Hacker News new | ask | show | jobs
by thriftwy 1675 days ago
Zstandard has very cool dictionary training feature, which allows to keep a separate dictionary and have a 50% ratio compression on very small (~100b) but repetitive data such as database records.
1 comments

I've always thought it could be pretty cool to leverage that for transparent filesystem compression.

For context, filesystem compression usually compresses blocks of data individually (for instance, every 64K block of a file will be individually compressed, and when you modify a file in the middle, that block needs to be recompressed entirely). This is usually good enough, and it has some pretty cool properties, like being able to have only compressable parts of a file compressed, or turning on compression on a file and having only new and rewritten blocks get compressed. Because of Zstd's separated dictionary, it seems like it could be feasible to instead store the dictionary in the file's inode and compress the blocks with that dictionary (recomputing the dictionary and recompressing existing blocks when the file allocates 10 4K blocks and then again at 100 blocks, perhaps).

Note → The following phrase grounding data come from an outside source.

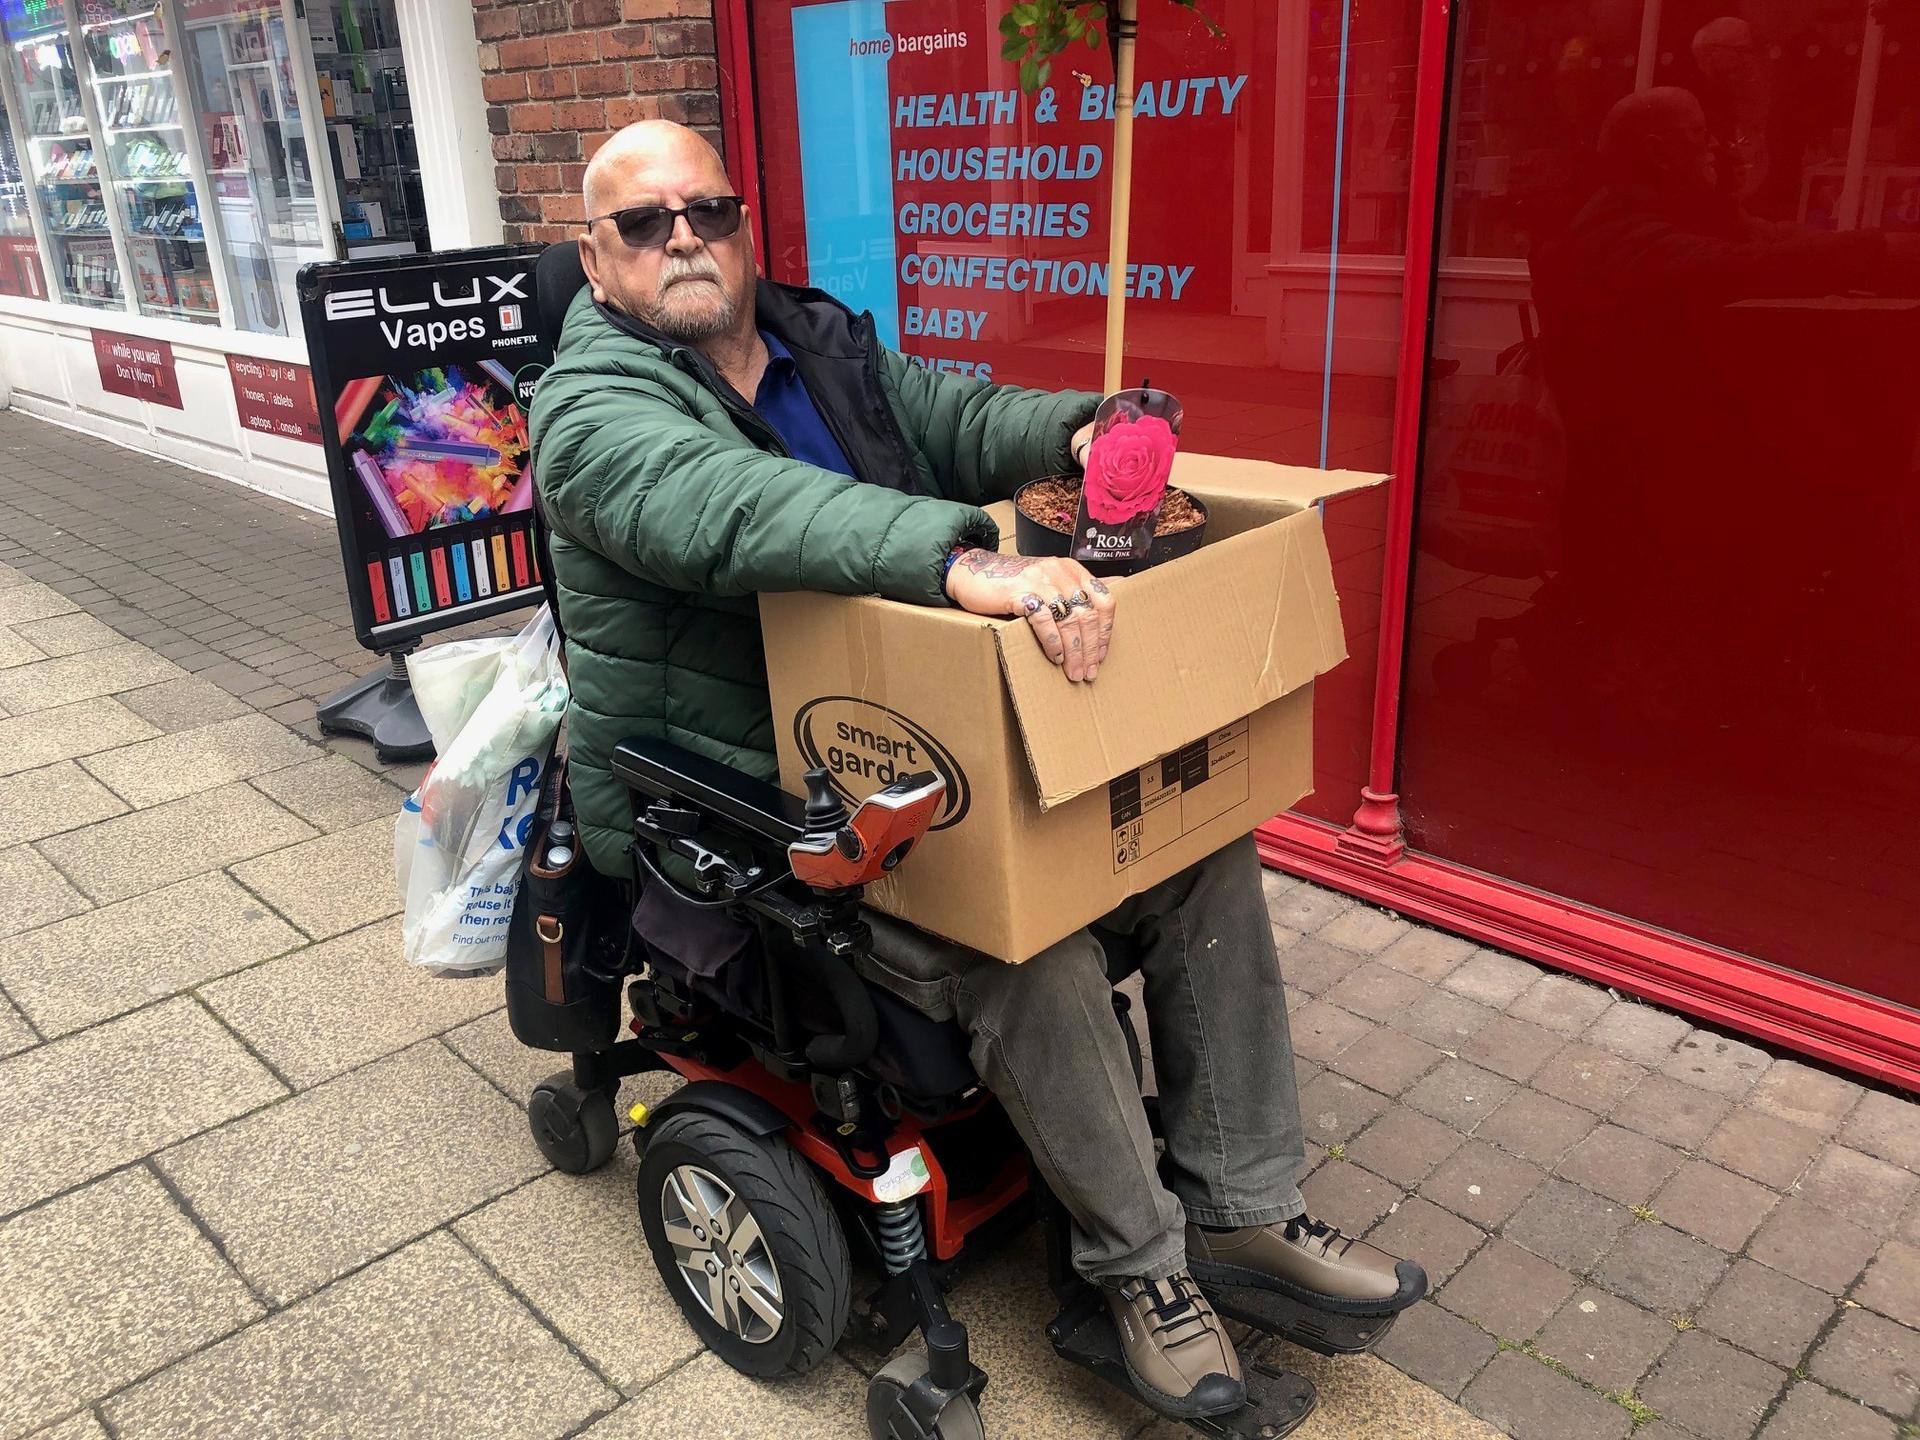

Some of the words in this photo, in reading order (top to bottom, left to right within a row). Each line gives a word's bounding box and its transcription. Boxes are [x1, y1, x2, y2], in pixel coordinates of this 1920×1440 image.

[849, 38, 891, 56] home
[897, 28, 968, 55] bargains
[894, 90, 1017, 128] HEALTH
[1034, 87, 1058, 123] &
[897, 145, 1103, 182] HOUSEHOLD
[899, 202, 1090, 238] GROCERIES
[901, 254, 1195, 301] CONFECTIONERY
[324, 272, 529, 321] ELUX
[379, 316, 486, 352] Vapes
[904, 305, 989, 341] BABY
[112, 342, 131, 359] while
[131, 348, 145, 364] you
[145, 349, 162, 365] wait
[135, 367, 155, 388] Worry
[518, 379, 538, 388] AVAILA
[519, 386, 536, 399] NO
[1096, 534, 1133, 548] ROSA
[1114, 550, 1131, 558] PINK
[836, 721, 917, 765] smart
[827, 746, 911, 786] gard
[460, 913, 490, 926] Then
[493, 915, 512, 925] rec
[466, 900, 501, 911] Reuse
[452, 933, 473, 945] Find
[475, 936, 490, 945] out

I wonder what different properties such a compression scheme would have. I imagine it would be able to achieve a much smaller size due to not having to store a dictionary with each compressed block. A downside would be that a corrupted or overwritten inode would render the file completely unrecoverable, where current compression schemes allow blocks to be individually decompressed. Another downside is that files can't be partially compressible, only entirely.

Compression dictionaries don't usually work that way, as far as my understanding goes they just look behind, like "take 15 bytes which were 63 bytes ago", so any data it also a dictionary.

Trained dictionary is just meaningless but very frequent bits of data which may be referenced in that fashion as if they preceded the real data.